1. Patients with non-obstructive coronary obstructive disease (CAD) had a significantly higher risk of developing an MI within the next year compared to those with no apparent CAD.
2. One-year all cause mortality in patients with non-obstructive CAD was only significantly increased in those with 3-vessel involvement.
Evidence Rating Level: 2 (Good)
Study Rundown: Non-obstructive CAD, defined as the presence of atherosclerotic plaques in the coronary arteries that do not significantly impede blood flow, has been previously shown to give rise to a majority of plaque ruptures and myocardial infarctions (MI). However, the most of the literature on myocardial infarction has nevertheless focused on obstructive CAD patients rather than those with non-obstructive CAD. This study aimed to examine this often overlooked patient population and confirmed that non-obstructive CAD is a significant health issue and that it is associated with a higher 1-year incidence of myocardial infarctions (MI) and 1-year all-cause mortality when compared to absence of CAD.
Strengths of the study include the large sample cohort. By examining patients undergoing elective catheterization rather than diagnostic catheterization, authors designed the study to include asymptomatic patients who are most likely to benefit from preventative measures. Weaknesses of this study related to its use of the VA population as the study cohort and included the low numbers of female patients and the inability to assess for cardiac-specific mortality through the VA electronic health record.
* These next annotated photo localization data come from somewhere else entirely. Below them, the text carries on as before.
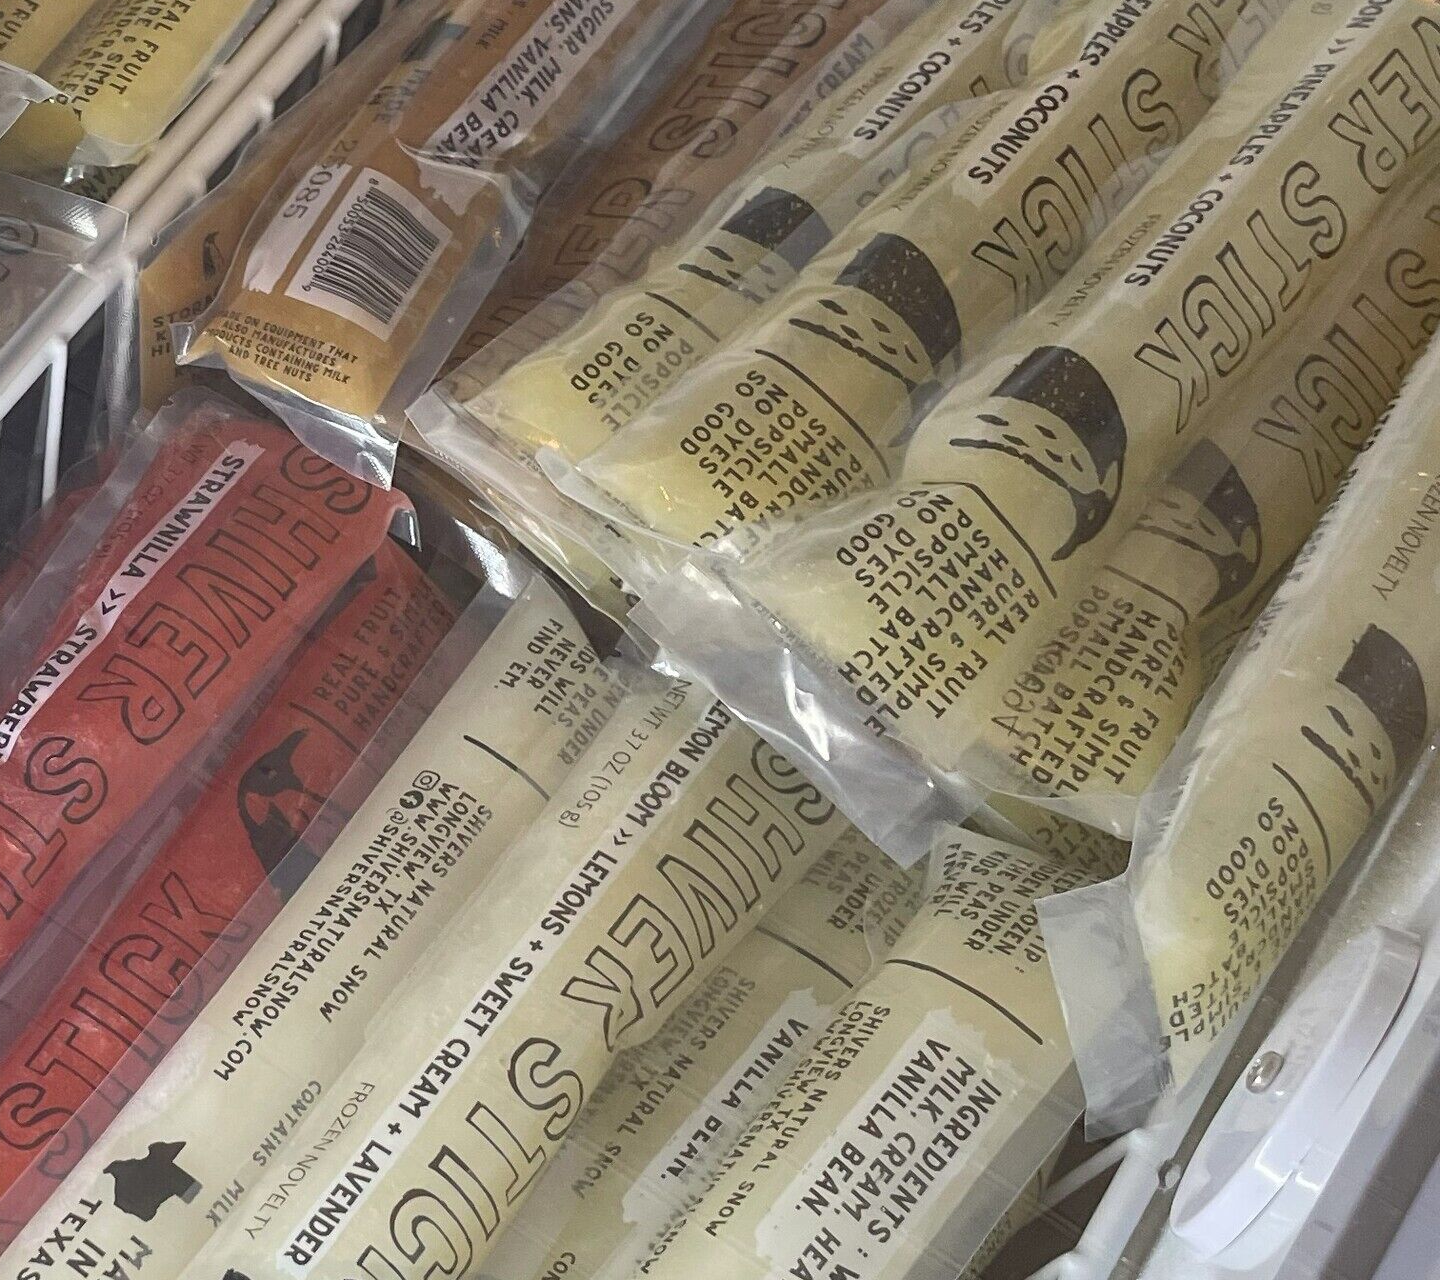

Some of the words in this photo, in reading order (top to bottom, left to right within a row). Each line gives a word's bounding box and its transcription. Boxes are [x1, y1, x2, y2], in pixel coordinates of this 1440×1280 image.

[109, 38, 158, 95] FRUIT
[479, 35, 550, 113] VANILLA
[850, 43, 952, 150] COCONUTS
[964, 77, 1071, 189] COCONUTS
[1116, 162, 1363, 430] STICK
[751, 381, 788, 418] NO
[696, 418, 753, 476] DYES
[711, 399, 807, 497] POPSICLE
[756, 417, 827, 489] SMALL
[118, 449, 244, 588] STRAWNILLA
[76, 433, 376, 754] SHIVER
[983, 587, 1042, 647] REAL
[522, 632, 577, 695] NEVER
[530, 671, 574, 720] WILL
[923, 650, 988, 717] FRUIT
[1102, 709, 1162, 783] FRUIT
[391, 788, 476, 890] LONGVIEW,
[426, 800, 494, 880] SHIVERS
[1254, 795, 1288, 833] SO
[1267, 817, 1301, 855] NO
[371, 884, 401, 916] TX
[551, 738, 835, 1060] SHIVER
[1204, 834, 1259, 902] GOOD
[1220, 858, 1274, 922] DYES
[361, 875, 435, 963] NATURAL
[314, 961, 369, 1024] SNOW
[720, 1013, 808, 1114] VANILLA
[822, 1000, 891, 1083] SHIVERS
[250, 1077, 322, 1167] CONTAINS
[308, 1076, 374, 1157] FROZEN
[856, 1032, 951, 1144] VANILLA
[747, 1081, 828, 1179] NATURAL
[202, 1178, 245, 1227] MILK
[240, 1148, 318, 1243] NOVELTY
[702, 1175, 756, 1239] SNOW
[792, 1138, 868, 1226] BEAN.
[64, 1235, 107, 1280] IN
Ultimately, however, this study emphasizes the significance of non-obstructive CAD in cardiac health and underscores the need for further research on this topic.
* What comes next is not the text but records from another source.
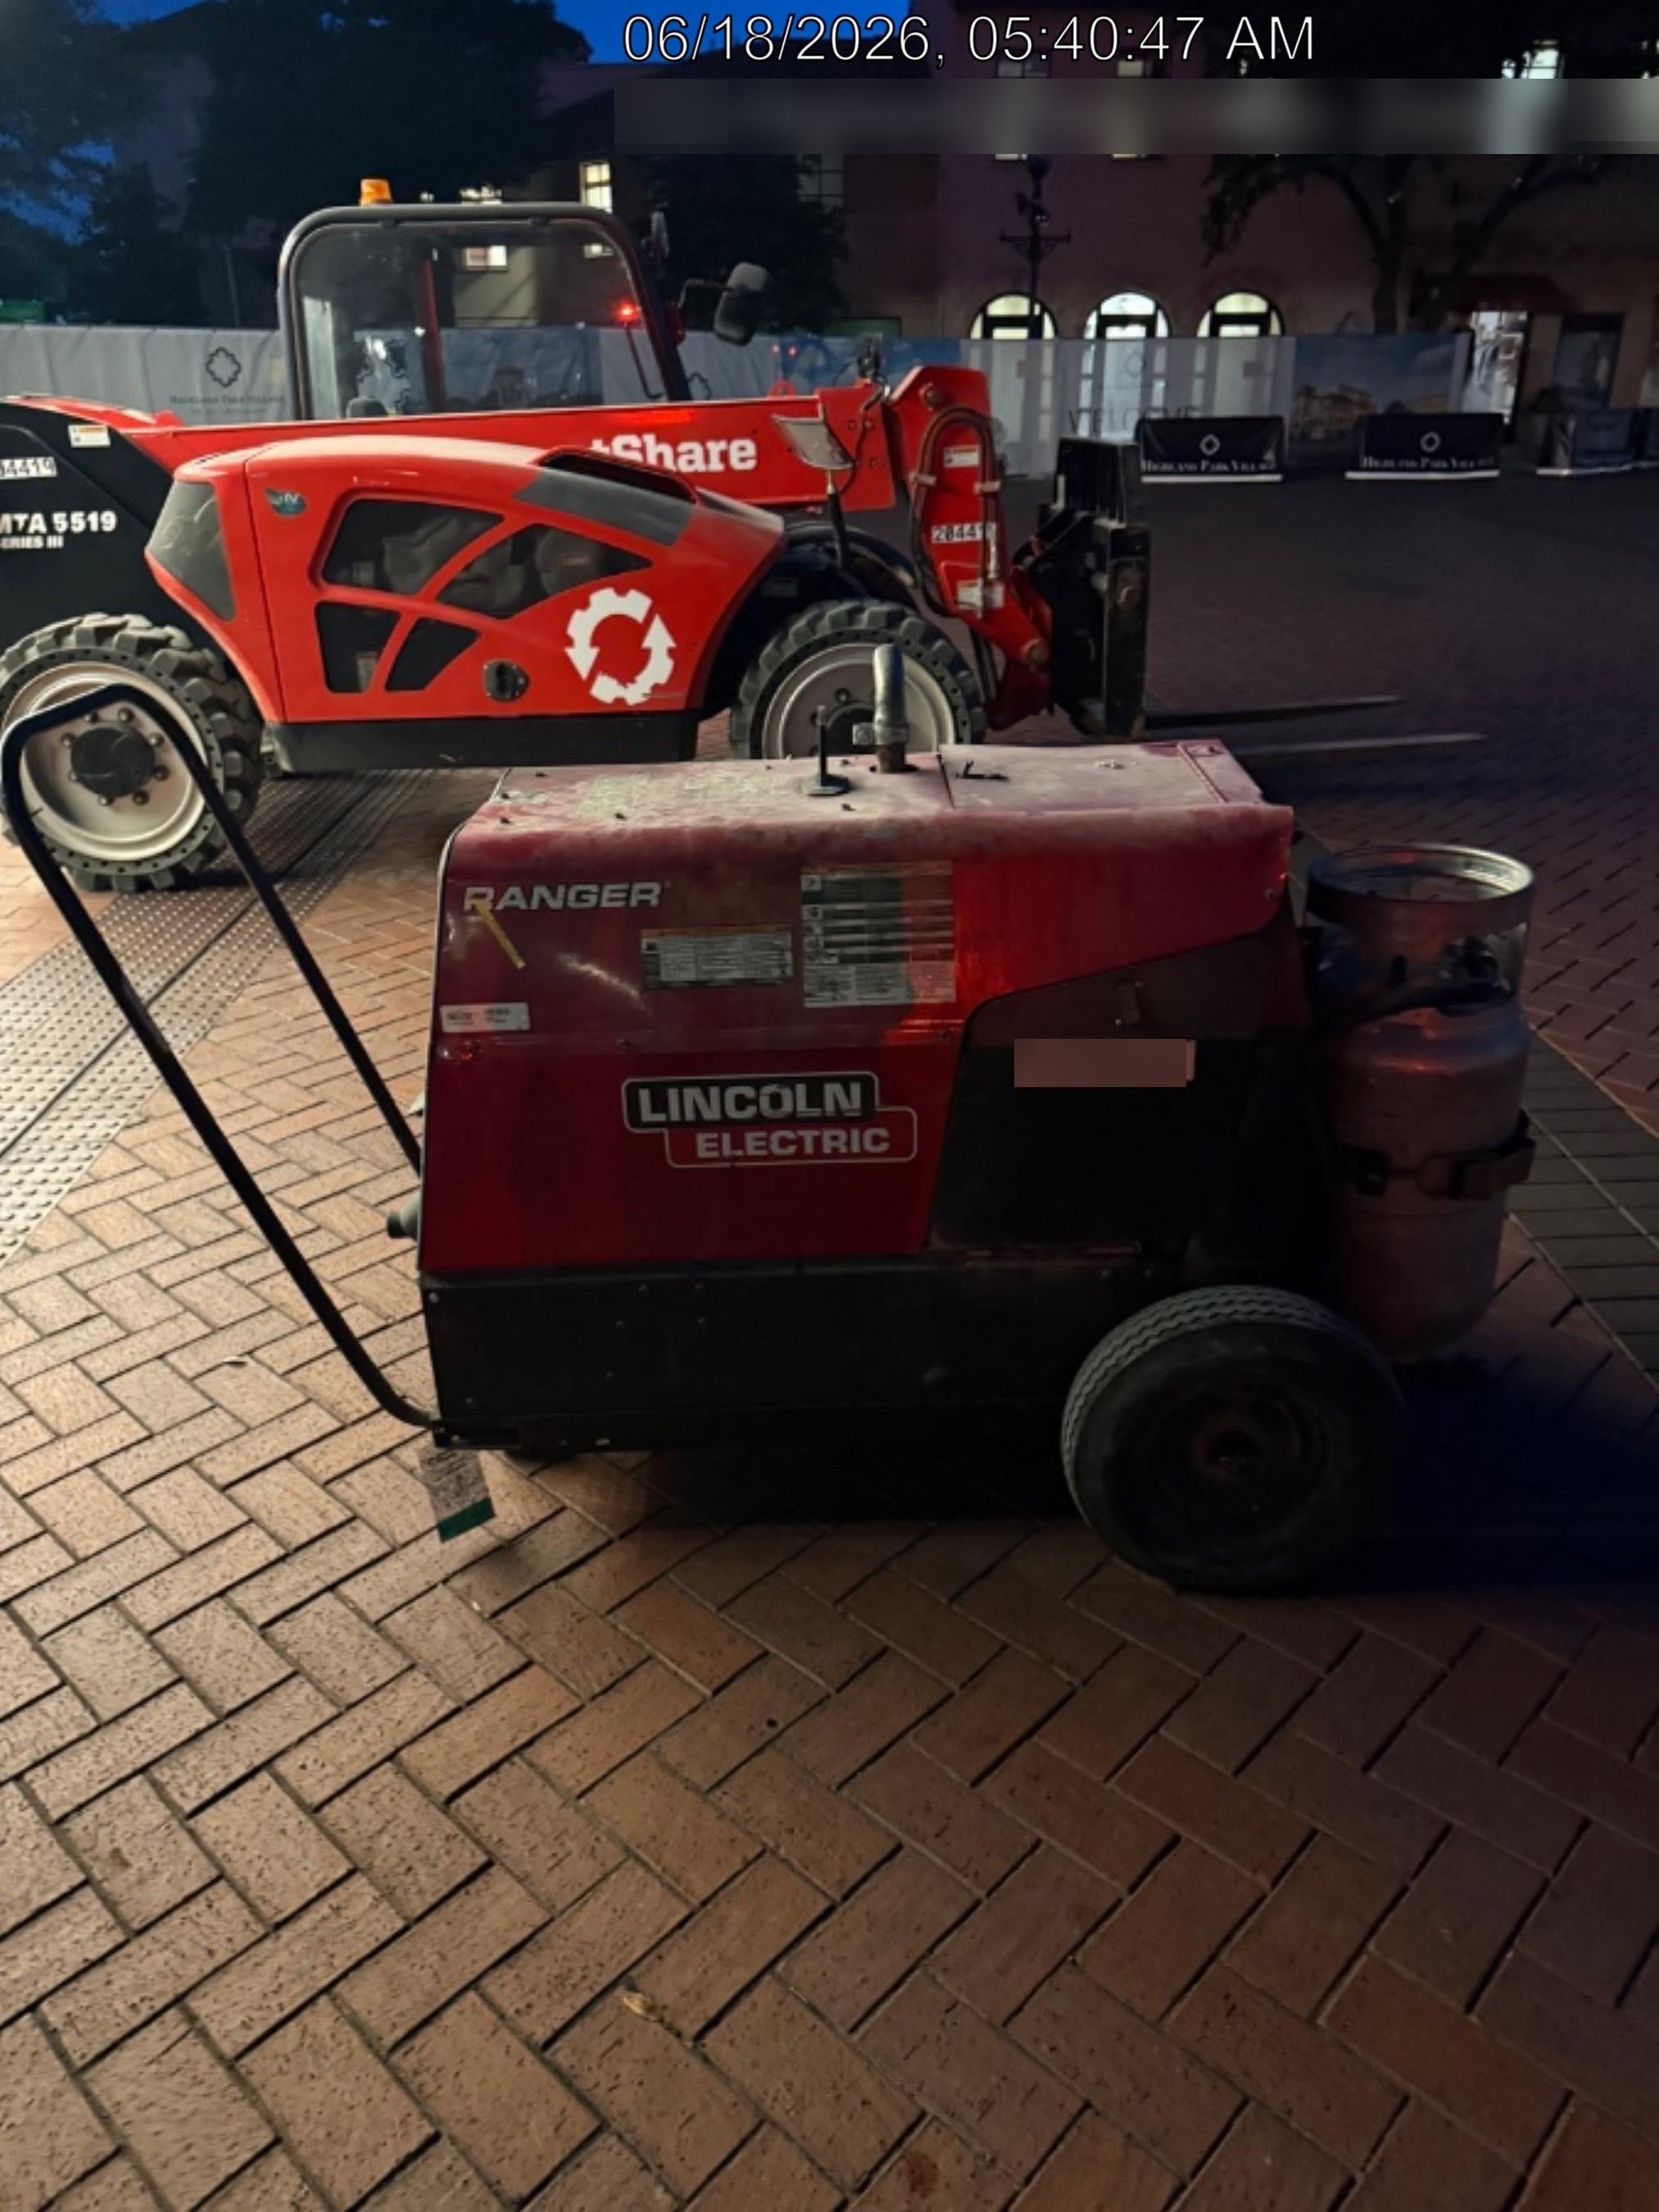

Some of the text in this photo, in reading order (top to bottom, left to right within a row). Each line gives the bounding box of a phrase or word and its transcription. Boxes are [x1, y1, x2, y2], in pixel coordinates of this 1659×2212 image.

[52, 510, 117, 534] 5519
[934, 524, 995, 542] 2844
[0, 534, 65, 549] ERIES III
[463, 881, 663, 911] RANGER
[638, 1081, 861, 1122] LINCOLN
[695, 1127, 891, 1159] ELECTRIC
Click to read the study, published today in JAMA
Relevant Reading: Pathophysiology of Coronary Artery Disease
In-Depth [retrospective cohort]: This is a retrospective cohort study that included 37,674 patients with no past history of CAD or CAD events who underwent elective cardiac catheterization at the 79 VA catheterization laboratories across the country. Indications for catheterization included chest pain, stable angina, ischemic heart disease, and/or any cardiac stress test that indicated presence of ischemia. Non-obstructive CAD was defined as coronary artery stenosis between 20-50% in the left main artery and between 20-70% in all other major arteries. Patients were categorized into 7 subgroups: no CAD, 1 vs. 2 vs. 3-vessel non-obstructive CAD, and 1 vs. 2 vs. 3-vessel obstructive CAD. Primary outcome was defined as 1-year hospitalization for nonfatal MI. Secondary outcomes were 1-year all-cause mortality and combined 1-year incidence of MI and mortality.
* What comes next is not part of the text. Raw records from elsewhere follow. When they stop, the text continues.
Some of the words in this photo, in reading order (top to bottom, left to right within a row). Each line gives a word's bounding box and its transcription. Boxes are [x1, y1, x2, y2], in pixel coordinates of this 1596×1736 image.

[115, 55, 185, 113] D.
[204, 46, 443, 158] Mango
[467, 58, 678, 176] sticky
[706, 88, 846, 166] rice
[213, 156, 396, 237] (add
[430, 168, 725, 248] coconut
Results showed that with risk adjustment for various co-morbidities, there was a significant association with MI for 2-vessel non-obstructive CAD (HR 4.6, 95%CI 2.0-10.5) and more severe CAD and no significant association with MI for 1-vessel non-obstructive CAD (HR 2.0, 95%CI 0.8-5.1) and absence of CAD. For the two secondary outcomes, significant association was seen with 3-vessel non-obstructive CAD and more severe CAD. Presence of diabetes or presence of symptoms increased outcome rates but did not alter the trend with increasing CAD extent.